§ **Problem statement**
Repeat the entries. Each one must match exactly.

Saved data entries
▶

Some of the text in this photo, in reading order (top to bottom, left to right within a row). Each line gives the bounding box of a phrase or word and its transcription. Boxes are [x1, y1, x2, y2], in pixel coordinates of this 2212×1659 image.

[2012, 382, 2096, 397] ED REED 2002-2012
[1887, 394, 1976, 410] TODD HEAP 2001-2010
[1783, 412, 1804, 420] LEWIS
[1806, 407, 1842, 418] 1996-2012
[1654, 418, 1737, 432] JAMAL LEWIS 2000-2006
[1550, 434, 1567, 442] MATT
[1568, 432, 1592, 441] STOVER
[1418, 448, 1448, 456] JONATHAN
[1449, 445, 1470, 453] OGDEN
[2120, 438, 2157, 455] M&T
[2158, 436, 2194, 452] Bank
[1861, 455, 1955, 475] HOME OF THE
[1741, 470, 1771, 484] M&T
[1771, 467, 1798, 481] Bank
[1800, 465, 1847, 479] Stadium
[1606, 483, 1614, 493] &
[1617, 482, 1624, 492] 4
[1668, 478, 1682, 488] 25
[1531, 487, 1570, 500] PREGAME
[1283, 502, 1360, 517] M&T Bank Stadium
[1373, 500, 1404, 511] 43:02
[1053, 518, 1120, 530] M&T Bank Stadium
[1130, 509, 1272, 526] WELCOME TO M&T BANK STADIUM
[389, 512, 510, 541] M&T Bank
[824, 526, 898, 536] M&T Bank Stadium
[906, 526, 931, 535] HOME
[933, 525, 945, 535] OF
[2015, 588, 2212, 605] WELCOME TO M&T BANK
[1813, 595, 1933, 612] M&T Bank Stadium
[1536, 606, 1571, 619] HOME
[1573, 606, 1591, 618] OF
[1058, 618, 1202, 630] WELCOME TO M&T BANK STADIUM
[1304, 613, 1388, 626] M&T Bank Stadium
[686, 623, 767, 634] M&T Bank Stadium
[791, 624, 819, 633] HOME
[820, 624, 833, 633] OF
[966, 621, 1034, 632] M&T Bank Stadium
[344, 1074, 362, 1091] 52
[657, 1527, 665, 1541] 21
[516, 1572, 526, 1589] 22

◀

§ **Response to this task**
Some of the text in this photo, in reading order (top to bottom, left to right within a row). Each line gives the bounding box of a phrase or word and its transcription. Boxes are [x1, y1, x2, y2], in pixel coordinates of this 2212×1659 image.

[2012, 382, 2096, 397] ED REED 2002-2012
[1887, 394, 1976, 410] TODD HEAP 2001-2010
[1783, 412, 1804, 420] LEWIS
[1806, 407, 1842, 418] 1996-2012
[1654, 418, 1737, 432] JAMAL LEWIS 2000-2006
[1550, 434, 1567, 442] MATT
[1568, 432, 1592, 441] STOVER
[1418, 448, 1448, 456] JONATHAN
[1449, 445, 1470, 453] OGDEN
[2120, 438, 2157, 455] M&T
[2158, 436, 2194, 452] Bank
[1861, 455, 1955, 475] HOME OF THE
[1741, 470, 1771, 484] M&T
[1771, 467, 1798, 481] Bank
[1800, 465, 1847, 479] Stadium
[1606, 483, 1614, 493] &
[1617, 482, 1624, 492] 4
[1668, 478, 1682, 488] 25
[1531, 487, 1570, 500] PREGAME
[1283, 502, 1360, 517] M&T Bank Stadium
[1373, 500, 1404, 511] 43:02
[1053, 518, 1120, 530] M&T Bank Stadium
[1130, 509, 1272, 526] WELCOME TO M&T BANK STADIUM
[389, 512, 510, 541] M&T Bank
[824, 526, 898, 536] M&T Bank Stadium
[906, 526, 931, 535] HOME
[933, 525, 945, 535] OF
[2015, 588, 2212, 605] WELCOME TO M&T BANK
[1813, 595, 1933, 612] M&T Bank Stadium
[1536, 606, 1571, 619] HOME
[1573, 606, 1591, 618] OF
[1058, 618, 1202, 630] WELCOME TO M&T BANK STADIUM
[1304, 613, 1388, 626] M&T Bank Stadium
[686, 623, 767, 634] M&T Bank Stadium
[791, 624, 819, 633] HOME
[820, 624, 833, 633] OF
[966, 621, 1034, 632] M&T Bank Stadium
[344, 1074, 362, 1091] 52
[657, 1527, 665, 1541] 21
[516, 1572, 526, 1589] 22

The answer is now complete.